TSA’s inability to properly screen and track employees has been well documented for years. However, the administration has failed to enact multiple reforms aimed at tightening security and making it more efficient, lawmakers said.
TSA still cannot verify their employees’ criminal histories and immigration statuses, according to disclosures made by the Department of Homeland Security inspector general.
“Even 15 years” since the 9/11 terror attacks, “we still see a system that has not complied with the laws we have passed multiple times… and we see failures,” said Rep. John Mica (R., Fla.), chair of the House Transportation Subcommittee.
Following the discovery last year of 73 aviation employees who also were listed on the nation’s terror watch list, TSA has struggled to implement reforms aimed to remedy these security gaps, Mica said.
“TSA employees are not properly vetted,” he said. “We’ve found that tens of thousands of incomplete records are even lacking full names. They [TSA] had 14,000 immigrants listed in the database that did not have alien registration numbers and 75,000 of these records lacked passport numbers. This is not acceptable.”
Officials additionally could not account for “hundreds and thousands of IDs” that had gone missing, including TSA security badges, airport identity badges, and officer identification.
“Everything you can imagine stolen, or missing, or unaccounted for,” Mica said. “Here we are in 2016, 15 years after 9/11, and we don’t know who’s going in and who’s going out.

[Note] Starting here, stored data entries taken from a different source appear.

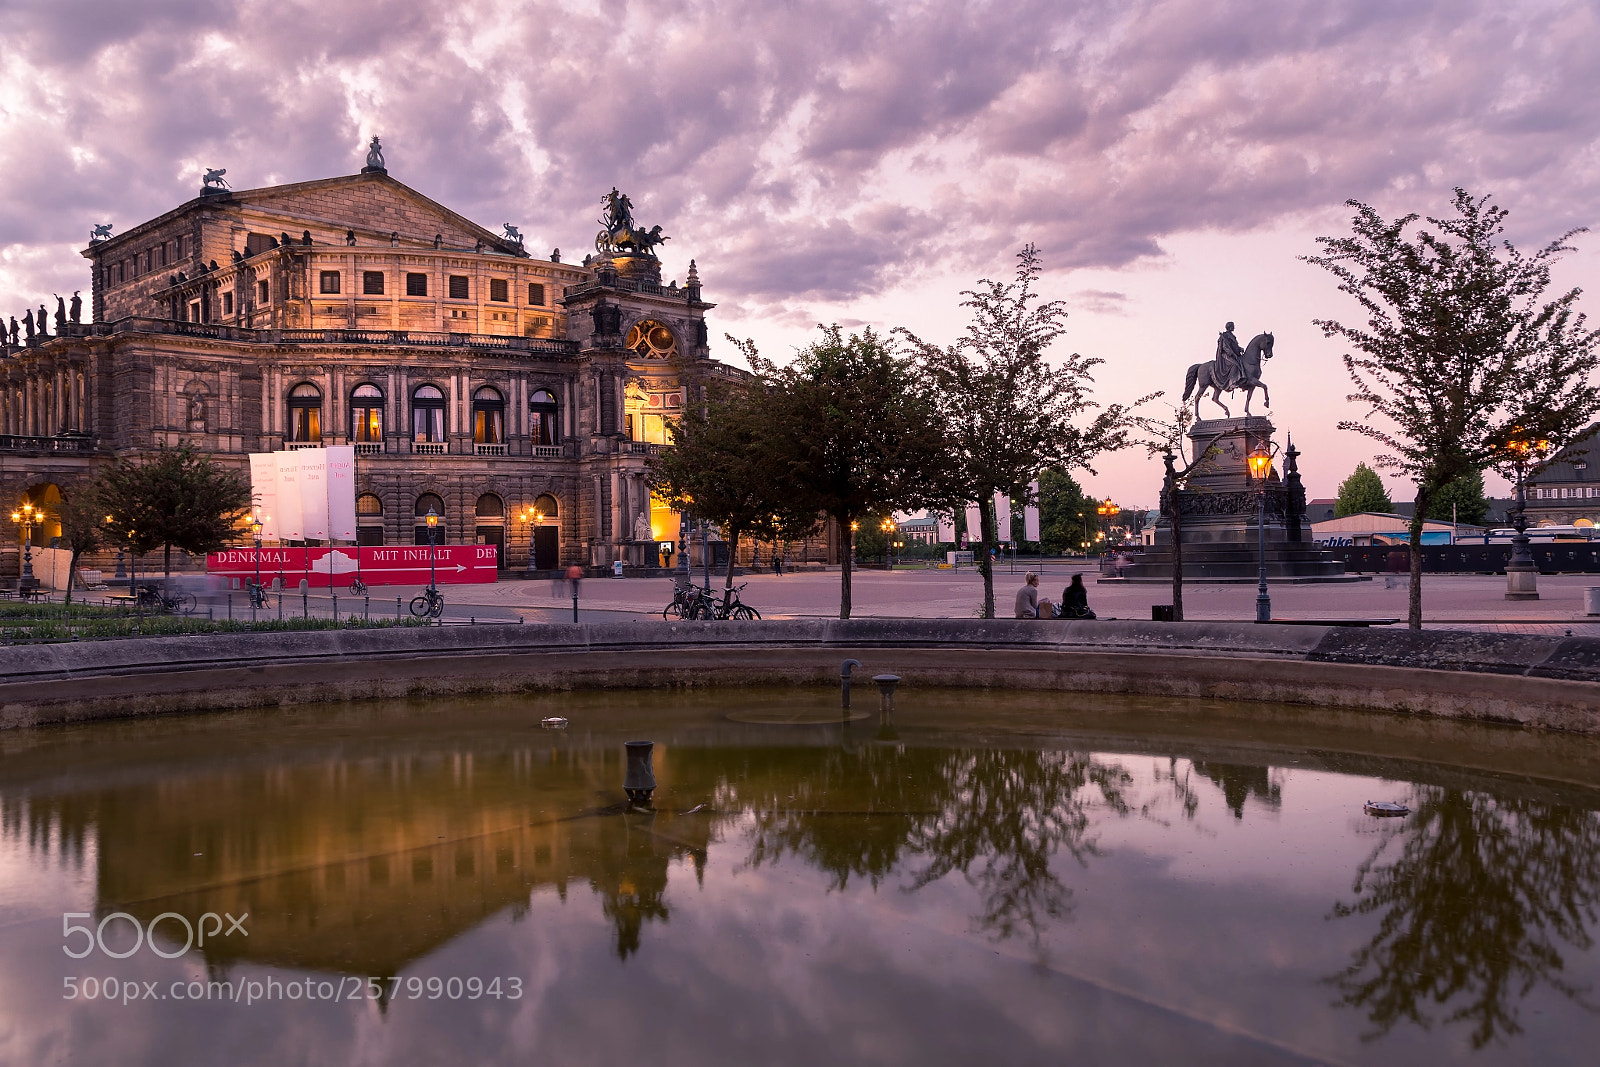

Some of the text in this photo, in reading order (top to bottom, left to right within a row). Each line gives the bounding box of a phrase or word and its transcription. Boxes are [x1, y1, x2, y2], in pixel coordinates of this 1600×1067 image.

[216, 551, 291, 563] DENKMAL
[373, 550, 399, 561] MIT
[403, 549, 452, 561] INHALT
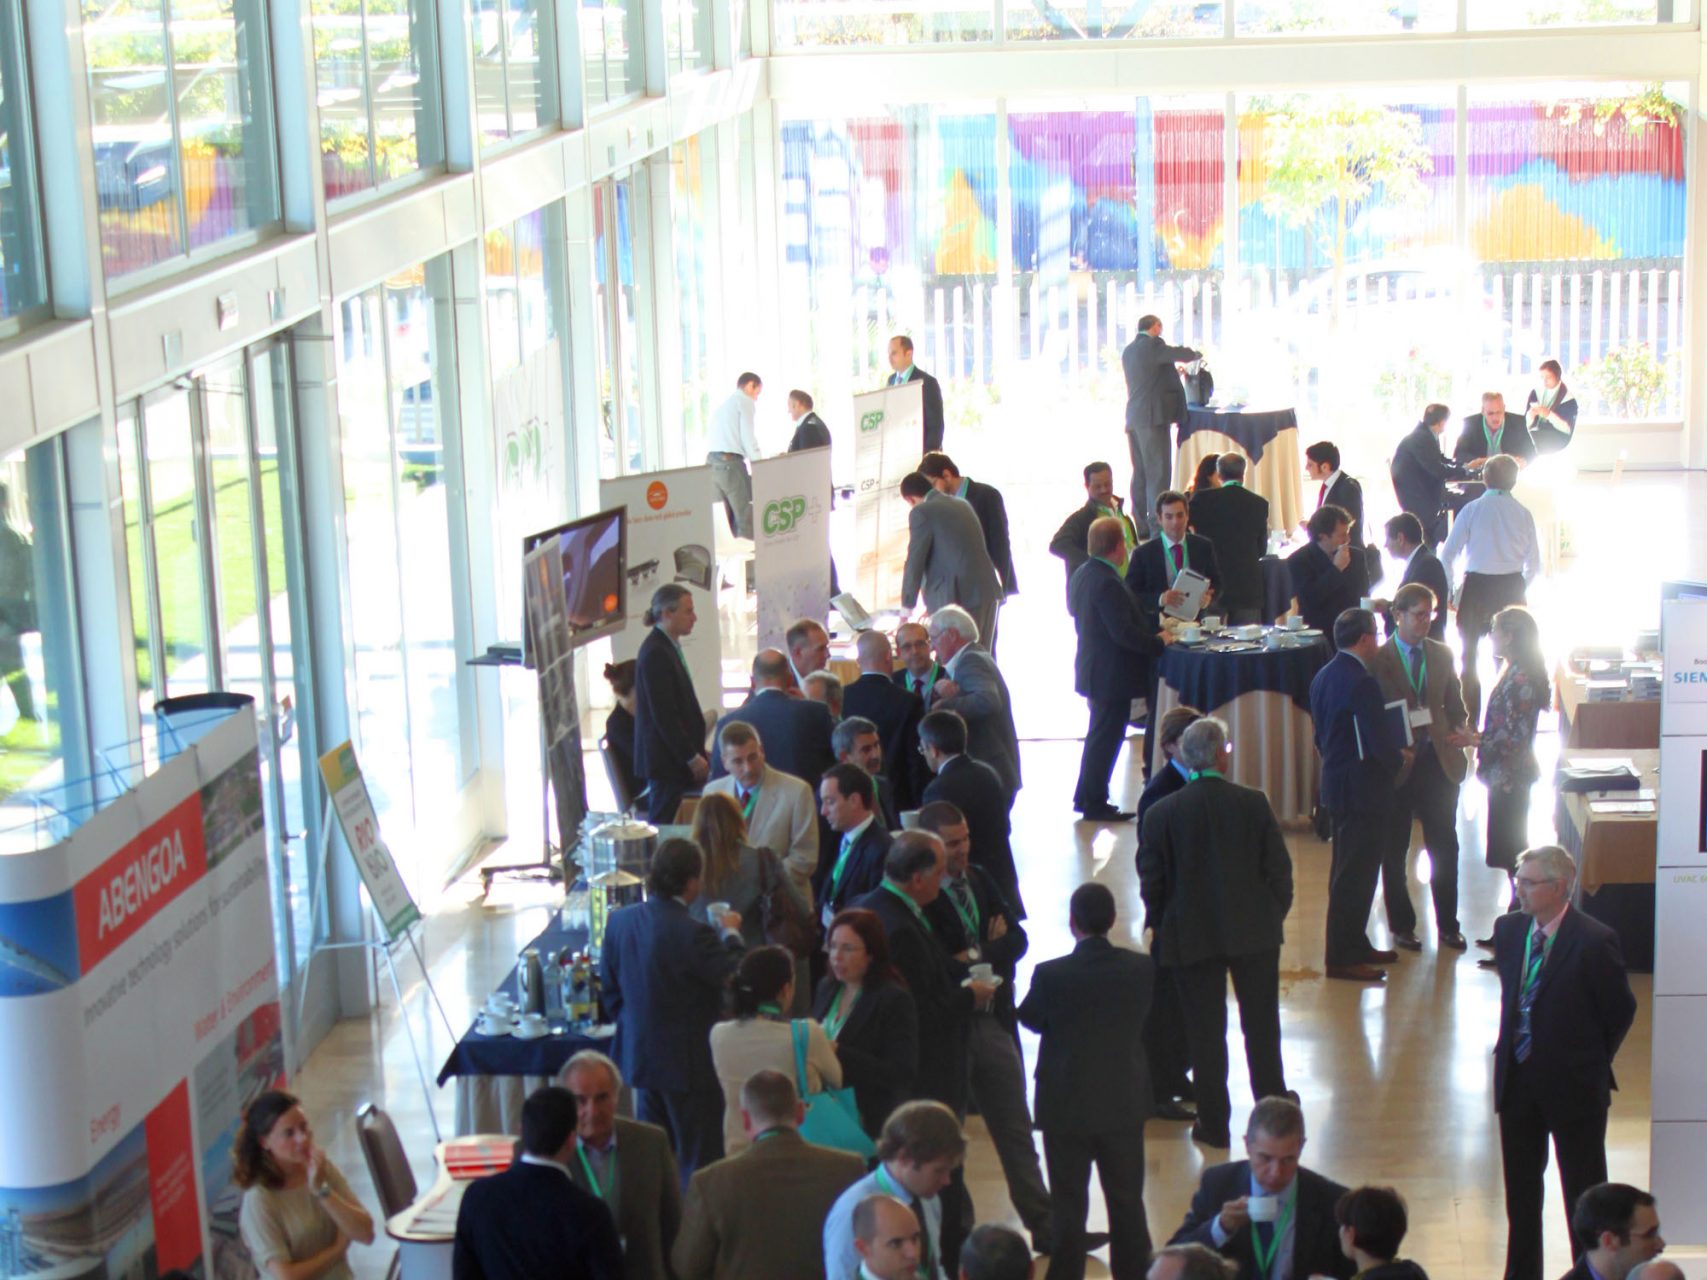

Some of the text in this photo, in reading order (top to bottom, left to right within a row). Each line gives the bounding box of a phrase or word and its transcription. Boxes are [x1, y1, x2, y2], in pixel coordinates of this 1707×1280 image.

[860, 410, 884, 432] CSP
[761, 495, 806, 537] CSP
[98, 829, 186, 940] ABENGOA

There’s no way to ensure it.”
John Roth, the Department of Homeland Security inspector general, provided a list of security flaws and inefficiencies in the TSA’s employee screening process.
In addition to still not having full access to the U.S. terror watch list, TSA is incapable of verifying employees’ criminal records.

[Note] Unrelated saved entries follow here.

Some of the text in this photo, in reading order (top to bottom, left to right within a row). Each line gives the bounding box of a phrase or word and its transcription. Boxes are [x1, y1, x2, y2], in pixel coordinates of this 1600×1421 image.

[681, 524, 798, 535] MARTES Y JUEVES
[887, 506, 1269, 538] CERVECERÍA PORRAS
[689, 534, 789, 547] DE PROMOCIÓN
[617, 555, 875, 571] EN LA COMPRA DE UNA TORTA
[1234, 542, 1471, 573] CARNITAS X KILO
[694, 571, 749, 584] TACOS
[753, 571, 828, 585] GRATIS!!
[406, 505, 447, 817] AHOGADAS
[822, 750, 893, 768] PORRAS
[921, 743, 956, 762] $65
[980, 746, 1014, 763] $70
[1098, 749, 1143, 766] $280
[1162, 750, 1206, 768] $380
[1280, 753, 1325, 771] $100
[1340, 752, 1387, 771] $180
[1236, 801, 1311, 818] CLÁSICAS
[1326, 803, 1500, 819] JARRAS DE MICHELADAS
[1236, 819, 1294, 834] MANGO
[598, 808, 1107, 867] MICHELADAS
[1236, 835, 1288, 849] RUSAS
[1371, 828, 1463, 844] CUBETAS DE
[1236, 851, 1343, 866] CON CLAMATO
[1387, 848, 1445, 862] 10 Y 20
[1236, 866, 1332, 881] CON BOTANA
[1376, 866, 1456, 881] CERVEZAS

“TSA is considerably challenged when it comes to verifying workers’ criminal histories and immigration status,” Roth said. “TSA does not recurrently vet airport workers’ criminal histories after they are initially cleared to work, but rely on individuals to self-report disqualifying crimes.”
Most employees do not follow this policy, he said.
“TSA cannot systematically determine whether individuals have been convicted of disqualifying crimes,” Roth said, noting that commercial airports also do not hold onto these records. “Due to the large workload involved, this inspection process looked at as few as one percent of all aviation workers applications.”
Additionally, the records TSA uses for vetting individuals is “not reliable, as it contains incomplete or inaccurate data,” Roth said.
At least 87,000 active aviation workers, or 10 percent of the total workforce, do not have social security numbers listed in their records, according to Roth.
An additional 75,000 active employee credentials listed the worker as a non-U.S. citizen but did not include passport numbers. Of that number, 14,000 workers also did not list an alien registration number, meaning they could potentially be undocumented.
“TSA did not have appropriate checks in place to reject records from such vetting,” Roth said. “Without complete and accurate info TSA risked credentialing and providing unescorted access to secure airport areas for a worker who could potentially harm the nation’s air transportation system.”